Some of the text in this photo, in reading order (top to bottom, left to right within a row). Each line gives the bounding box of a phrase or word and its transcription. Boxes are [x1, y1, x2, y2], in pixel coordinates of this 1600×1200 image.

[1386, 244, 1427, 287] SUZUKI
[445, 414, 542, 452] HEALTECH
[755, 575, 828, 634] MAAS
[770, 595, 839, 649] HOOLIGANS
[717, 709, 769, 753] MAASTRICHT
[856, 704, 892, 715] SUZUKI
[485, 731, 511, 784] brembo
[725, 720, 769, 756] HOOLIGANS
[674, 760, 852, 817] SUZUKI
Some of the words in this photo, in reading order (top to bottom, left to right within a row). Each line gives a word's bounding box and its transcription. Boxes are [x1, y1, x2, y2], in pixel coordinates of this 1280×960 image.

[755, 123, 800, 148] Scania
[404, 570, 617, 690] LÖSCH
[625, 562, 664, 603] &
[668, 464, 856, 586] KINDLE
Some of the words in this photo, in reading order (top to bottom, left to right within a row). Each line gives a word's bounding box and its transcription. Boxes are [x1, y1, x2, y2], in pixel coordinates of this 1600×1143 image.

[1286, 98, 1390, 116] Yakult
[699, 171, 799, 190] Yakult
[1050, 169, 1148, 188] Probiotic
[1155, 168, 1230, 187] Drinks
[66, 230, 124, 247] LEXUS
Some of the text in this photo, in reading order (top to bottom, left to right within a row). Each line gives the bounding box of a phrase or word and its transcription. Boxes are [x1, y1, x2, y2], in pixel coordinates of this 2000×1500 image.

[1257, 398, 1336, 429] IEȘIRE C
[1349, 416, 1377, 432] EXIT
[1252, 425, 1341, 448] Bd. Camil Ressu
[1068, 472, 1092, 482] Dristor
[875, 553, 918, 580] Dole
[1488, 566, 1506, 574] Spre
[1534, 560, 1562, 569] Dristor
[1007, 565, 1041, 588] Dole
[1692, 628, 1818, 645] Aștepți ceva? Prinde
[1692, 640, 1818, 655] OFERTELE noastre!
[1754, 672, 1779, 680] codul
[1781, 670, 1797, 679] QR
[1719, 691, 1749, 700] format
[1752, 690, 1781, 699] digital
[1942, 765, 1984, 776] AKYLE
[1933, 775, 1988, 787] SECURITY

- - -

▸ Exercise goal: Only the line containing "this 1280×960 image." and the lines after it, up to and including the last line of the data, should appear in the answer, exactly as written.

▸ Solution for this exercise:
Some of the words in this photo, in reading order (top to bottom, left to right within a row). Each line gives a word's bounding box and its transcription. Boxes are [x1, y1, x2, y2], in pixel coordinates of this 1280×960 image.

[755, 123, 800, 148] Scania
[404, 570, 617, 690] LÖSCH
[625, 562, 664, 603] &
[668, 464, 856, 586] KINDLE
Some of the words in this photo, in reading order (top to bottom, left to right within a row). Each line gives a word's bounding box and its transcription. Boxes are [x1, y1, x2, y2], in pixel coordinates of this 1600×1143 image.

[1286, 98, 1390, 116] Yakult
[699, 171, 799, 190] Yakult
[1050, 169, 1148, 188] Probiotic
[1155, 168, 1230, 187] Drinks
[66, 230, 124, 247] LEXUS
Some of the text in this photo, in reading order (top to bottom, left to right within a row). Each line gives the bounding box of a phrase or word and its transcription. Boxes are [x1, y1, x2, y2], in pixel coordinates of this 2000×1500 image.

[1257, 398, 1336, 429] IEȘIRE C
[1349, 416, 1377, 432] EXIT
[1252, 425, 1341, 448] Bd. Camil Ressu
[1068, 472, 1092, 482] Dristor
[875, 553, 918, 580] Dole
[1488, 566, 1506, 574] Spre
[1534, 560, 1562, 569] Dristor
[1007, 565, 1041, 588] Dole
[1692, 628, 1818, 645] Aștepți ceva? Prinde
[1692, 640, 1818, 655] OFERTELE noastre!
[1754, 672, 1779, 680] codul
[1781, 670, 1797, 679] QR
[1719, 691, 1749, 700] format
[1752, 690, 1781, 699] digital
[1942, 765, 1984, 776] AKYLE
[1933, 775, 1988, 787] SECURITY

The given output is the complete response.